[Opening DATA EXTRACT section]

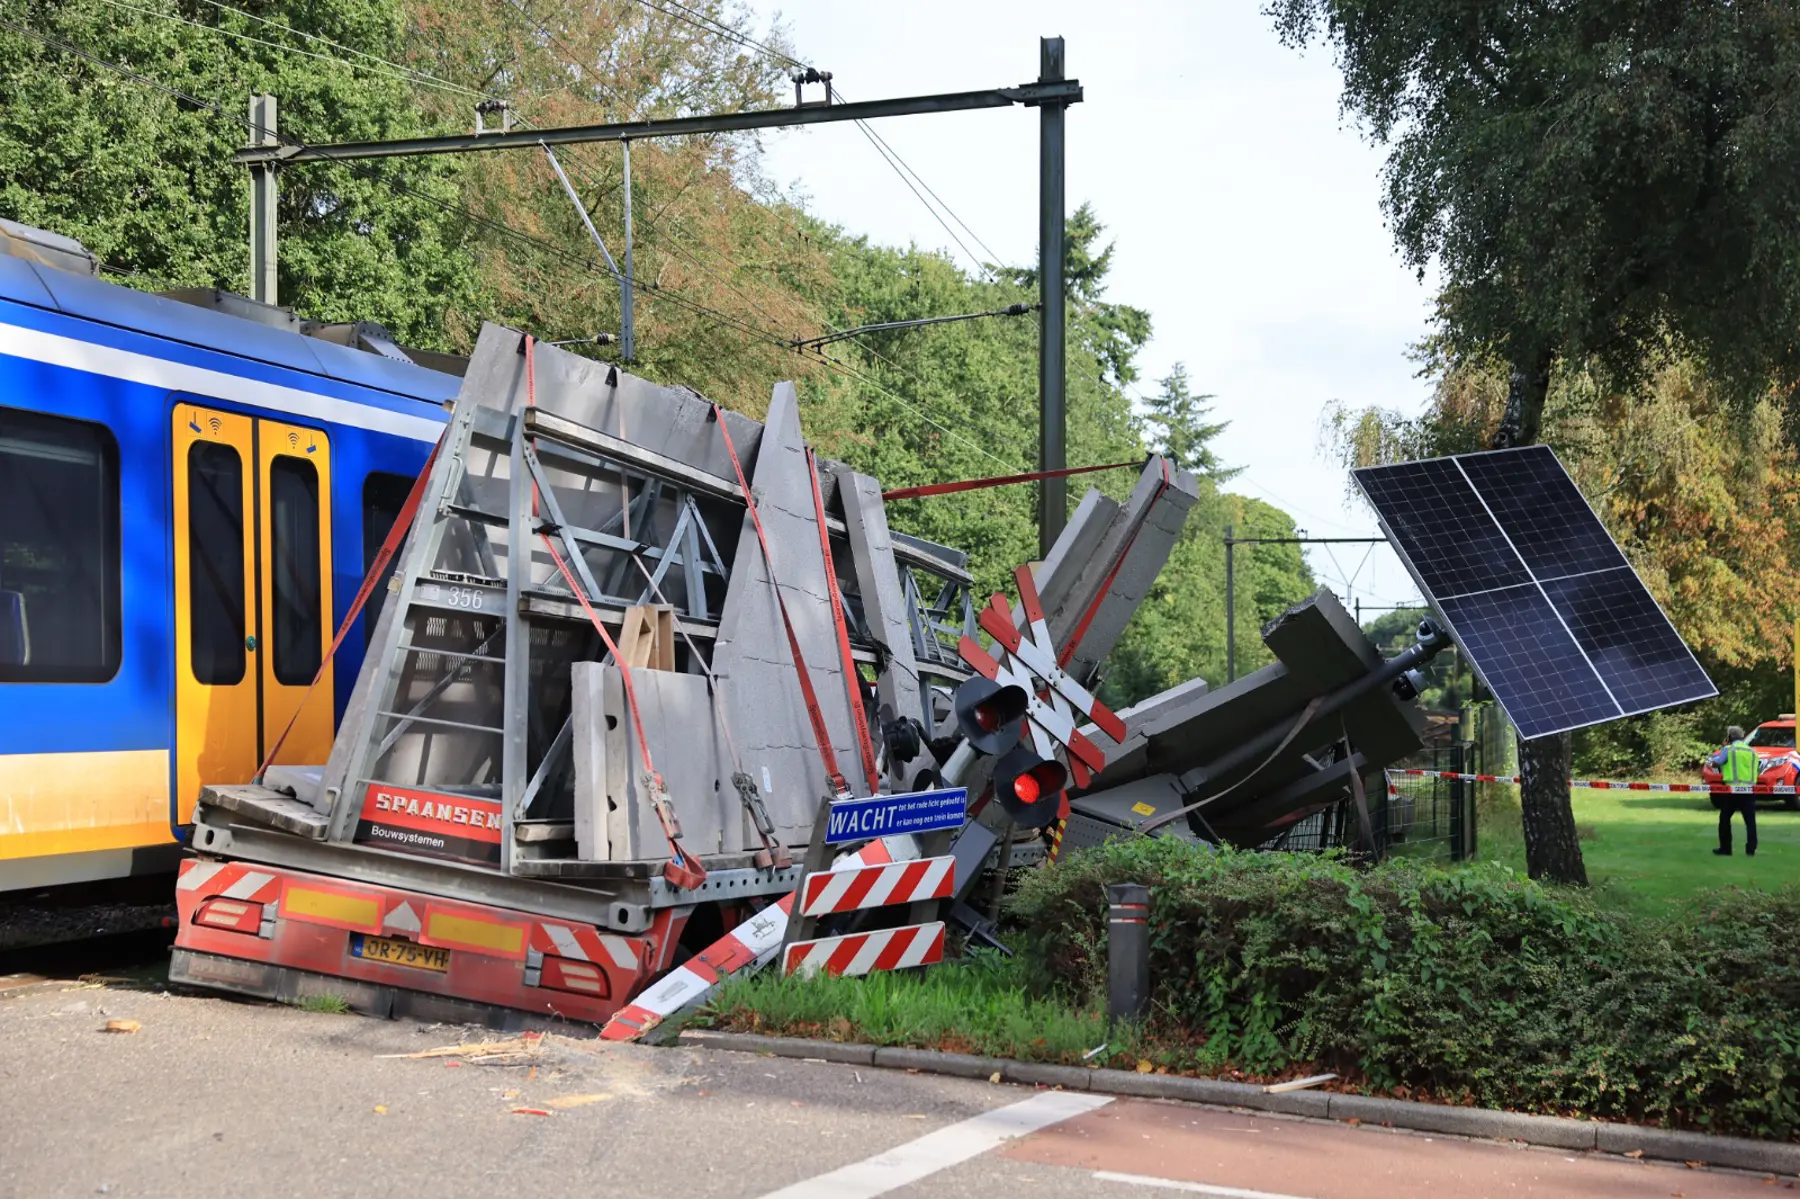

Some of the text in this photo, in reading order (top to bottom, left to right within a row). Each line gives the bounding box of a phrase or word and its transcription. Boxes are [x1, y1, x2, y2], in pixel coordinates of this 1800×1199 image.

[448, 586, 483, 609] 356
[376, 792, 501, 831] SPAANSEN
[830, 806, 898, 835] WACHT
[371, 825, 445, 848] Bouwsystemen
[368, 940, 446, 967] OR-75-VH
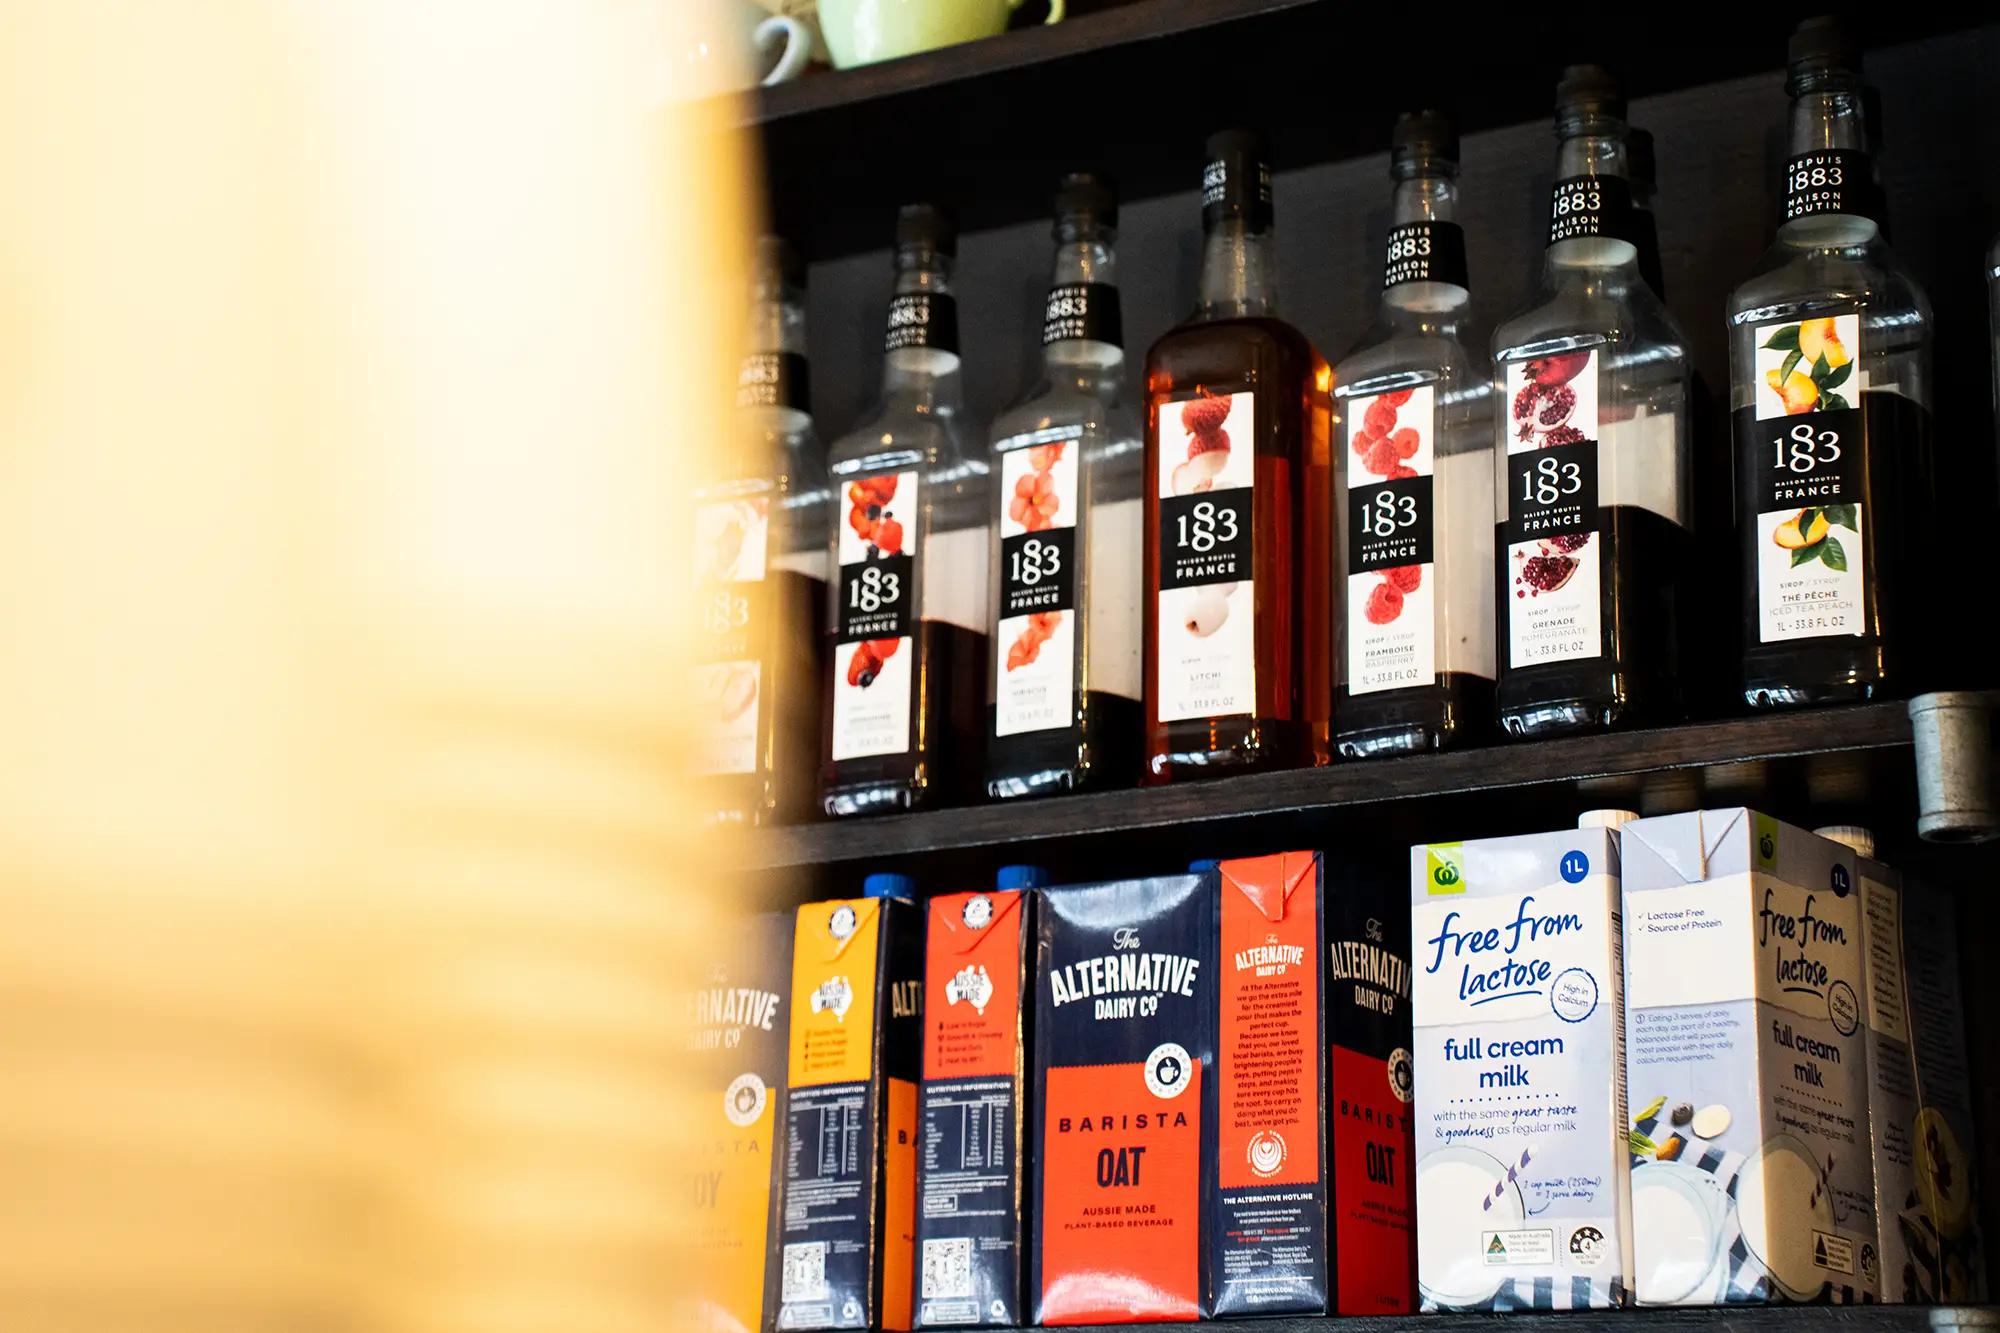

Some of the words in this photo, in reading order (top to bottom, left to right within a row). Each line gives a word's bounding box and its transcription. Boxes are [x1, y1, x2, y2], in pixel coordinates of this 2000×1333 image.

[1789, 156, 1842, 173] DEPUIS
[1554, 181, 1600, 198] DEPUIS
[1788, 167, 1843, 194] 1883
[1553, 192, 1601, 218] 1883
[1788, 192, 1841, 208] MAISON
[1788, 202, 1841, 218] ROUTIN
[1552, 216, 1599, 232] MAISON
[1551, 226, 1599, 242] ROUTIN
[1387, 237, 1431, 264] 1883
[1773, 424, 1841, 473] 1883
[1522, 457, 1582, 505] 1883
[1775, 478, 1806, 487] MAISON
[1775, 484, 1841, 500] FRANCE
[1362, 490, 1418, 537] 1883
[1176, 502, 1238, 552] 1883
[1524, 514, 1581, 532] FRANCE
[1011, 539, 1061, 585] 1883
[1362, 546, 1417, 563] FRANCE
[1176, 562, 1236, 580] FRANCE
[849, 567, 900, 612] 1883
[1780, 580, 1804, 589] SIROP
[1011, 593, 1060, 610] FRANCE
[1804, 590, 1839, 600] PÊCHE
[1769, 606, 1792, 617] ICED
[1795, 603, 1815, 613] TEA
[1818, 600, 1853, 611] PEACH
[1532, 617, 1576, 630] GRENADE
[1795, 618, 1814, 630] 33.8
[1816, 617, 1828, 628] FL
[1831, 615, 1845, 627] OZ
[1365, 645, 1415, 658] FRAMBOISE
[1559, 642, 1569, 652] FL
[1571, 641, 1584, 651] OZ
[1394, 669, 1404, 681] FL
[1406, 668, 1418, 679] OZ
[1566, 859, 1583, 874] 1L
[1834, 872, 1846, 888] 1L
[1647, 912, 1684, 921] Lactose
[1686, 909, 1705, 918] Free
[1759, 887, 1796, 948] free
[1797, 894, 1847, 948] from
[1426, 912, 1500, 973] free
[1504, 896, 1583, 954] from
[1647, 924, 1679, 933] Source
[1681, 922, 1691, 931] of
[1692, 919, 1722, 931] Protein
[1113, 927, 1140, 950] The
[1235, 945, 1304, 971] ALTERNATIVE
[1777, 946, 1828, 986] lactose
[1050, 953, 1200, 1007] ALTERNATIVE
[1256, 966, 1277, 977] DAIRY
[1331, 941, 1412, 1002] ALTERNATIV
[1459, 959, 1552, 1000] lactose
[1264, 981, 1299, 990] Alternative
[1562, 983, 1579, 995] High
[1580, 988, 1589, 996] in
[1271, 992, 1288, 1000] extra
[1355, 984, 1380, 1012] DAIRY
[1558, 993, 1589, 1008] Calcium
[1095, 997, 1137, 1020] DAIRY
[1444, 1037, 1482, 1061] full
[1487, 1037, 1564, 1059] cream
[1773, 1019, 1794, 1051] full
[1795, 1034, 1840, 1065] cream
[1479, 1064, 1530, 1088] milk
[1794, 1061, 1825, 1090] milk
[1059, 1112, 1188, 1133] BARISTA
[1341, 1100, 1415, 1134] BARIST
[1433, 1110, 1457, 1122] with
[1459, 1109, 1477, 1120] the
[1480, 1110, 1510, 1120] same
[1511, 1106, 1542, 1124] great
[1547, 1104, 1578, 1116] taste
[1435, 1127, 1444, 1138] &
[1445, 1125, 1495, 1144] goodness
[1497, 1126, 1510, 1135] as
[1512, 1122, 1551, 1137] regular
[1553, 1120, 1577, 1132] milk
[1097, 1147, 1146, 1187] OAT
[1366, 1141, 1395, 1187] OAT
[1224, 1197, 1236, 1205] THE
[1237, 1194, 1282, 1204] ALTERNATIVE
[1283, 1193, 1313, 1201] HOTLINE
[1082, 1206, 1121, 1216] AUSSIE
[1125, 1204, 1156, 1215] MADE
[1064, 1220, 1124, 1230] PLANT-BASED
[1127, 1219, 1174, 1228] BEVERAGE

[Closing DATA EXTRACT section]

■ WHAT NEEDS TO BE DONE: Copy each line above precisely, dropping the pictures.

■ WRITTEN REPLY:
Some of the text in this photo, in reading order (top to bottom, left to right within a row). Each line gives the bounding box of a phrase or word and its transcription. Boxes are [x1, y1, x2, y2], in pixel coordinates of this 1800×1199 image.

[448, 586, 483, 609] 356
[376, 792, 501, 831] SPAANSEN
[830, 806, 898, 835] WACHT
[371, 825, 445, 848] Bouwsystemen
[368, 940, 446, 967] OR-75-VH

Some of the words in this photo, in reading order (top to bottom, left to right within a row). Each line gives a word's bounding box and its transcription. Boxes are [x1, y1, x2, y2], in pixel coordinates of this 2000×1333 image.

[1789, 156, 1842, 173] DEPUIS
[1554, 181, 1600, 198] DEPUIS
[1788, 167, 1843, 194] 1883
[1553, 192, 1601, 218] 1883
[1788, 192, 1841, 208] MAISON
[1788, 202, 1841, 218] ROUTIN
[1552, 216, 1599, 232] MAISON
[1551, 226, 1599, 242] ROUTIN
[1387, 237, 1431, 264] 1883
[1773, 424, 1841, 473] 1883
[1522, 457, 1582, 505] 1883
[1775, 478, 1806, 487] MAISON
[1775, 484, 1841, 500] FRANCE
[1362, 490, 1418, 537] 1883
[1176, 502, 1238, 552] 1883
[1524, 514, 1581, 532] FRANCE
[1011, 539, 1061, 585] 1883
[1362, 546, 1417, 563] FRANCE
[1176, 562, 1236, 580] FRANCE
[849, 567, 900, 612] 1883
[1780, 580, 1804, 589] SIROP
[1011, 593, 1060, 610] FRANCE
[1804, 590, 1839, 600] PÊCHE
[1769, 606, 1792, 617] ICED
[1795, 603, 1815, 613] TEA
[1818, 600, 1853, 611] PEACH
[1532, 617, 1576, 630] GRENADE
[1795, 618, 1814, 630] 33.8
[1816, 617, 1828, 628] FL
[1831, 615, 1845, 627] OZ
[1365, 645, 1415, 658] FRAMBOISE
[1559, 642, 1569, 652] FL
[1571, 641, 1584, 651] OZ
[1394, 669, 1404, 681] FL
[1406, 668, 1418, 679] OZ
[1566, 859, 1583, 874] 1L
[1834, 872, 1846, 888] 1L
[1647, 912, 1684, 921] Lactose
[1686, 909, 1705, 918] Free
[1759, 887, 1796, 948] free
[1797, 894, 1847, 948] from
[1426, 912, 1500, 973] free
[1504, 896, 1583, 954] from
[1647, 924, 1679, 933] Source
[1681, 922, 1691, 931] of
[1692, 919, 1722, 931] Protein
[1113, 927, 1140, 950] The
[1235, 945, 1304, 971] ALTERNATIVE
[1777, 946, 1828, 986] lactose
[1050, 953, 1200, 1007] ALTERNATIVE
[1256, 966, 1277, 977] DAIRY
[1331, 941, 1412, 1002] ALTERNATIV
[1459, 959, 1552, 1000] lactose
[1264, 981, 1299, 990] Alternative
[1562, 983, 1579, 995] High
[1580, 988, 1589, 996] in
[1271, 992, 1288, 1000] extra
[1355, 984, 1380, 1012] DAIRY
[1558, 993, 1589, 1008] Calcium
[1095, 997, 1137, 1020] DAIRY
[1444, 1037, 1482, 1061] full
[1487, 1037, 1564, 1059] cream
[1773, 1019, 1794, 1051] full
[1795, 1034, 1840, 1065] cream
[1479, 1064, 1530, 1088] milk
[1794, 1061, 1825, 1090] milk
[1059, 1112, 1188, 1133] BARISTA
[1341, 1100, 1415, 1134] BARIST
[1433, 1110, 1457, 1122] with
[1459, 1109, 1477, 1120] the
[1480, 1110, 1510, 1120] same
[1511, 1106, 1542, 1124] great
[1547, 1104, 1578, 1116] taste
[1435, 1127, 1444, 1138] &
[1445, 1125, 1495, 1144] goodness
[1497, 1126, 1510, 1135] as
[1512, 1122, 1551, 1137] regular
[1553, 1120, 1577, 1132] milk
[1097, 1147, 1146, 1187] OAT
[1366, 1141, 1395, 1187] OAT
[1224, 1197, 1236, 1205] THE
[1237, 1194, 1282, 1204] ALTERNATIVE
[1283, 1193, 1313, 1201] HOTLINE
[1082, 1206, 1121, 1216] AUSSIE
[1125, 1204, 1156, 1215] MADE
[1064, 1220, 1124, 1230] PLANT-BASED
[1127, 1219, 1174, 1228] BEVERAGE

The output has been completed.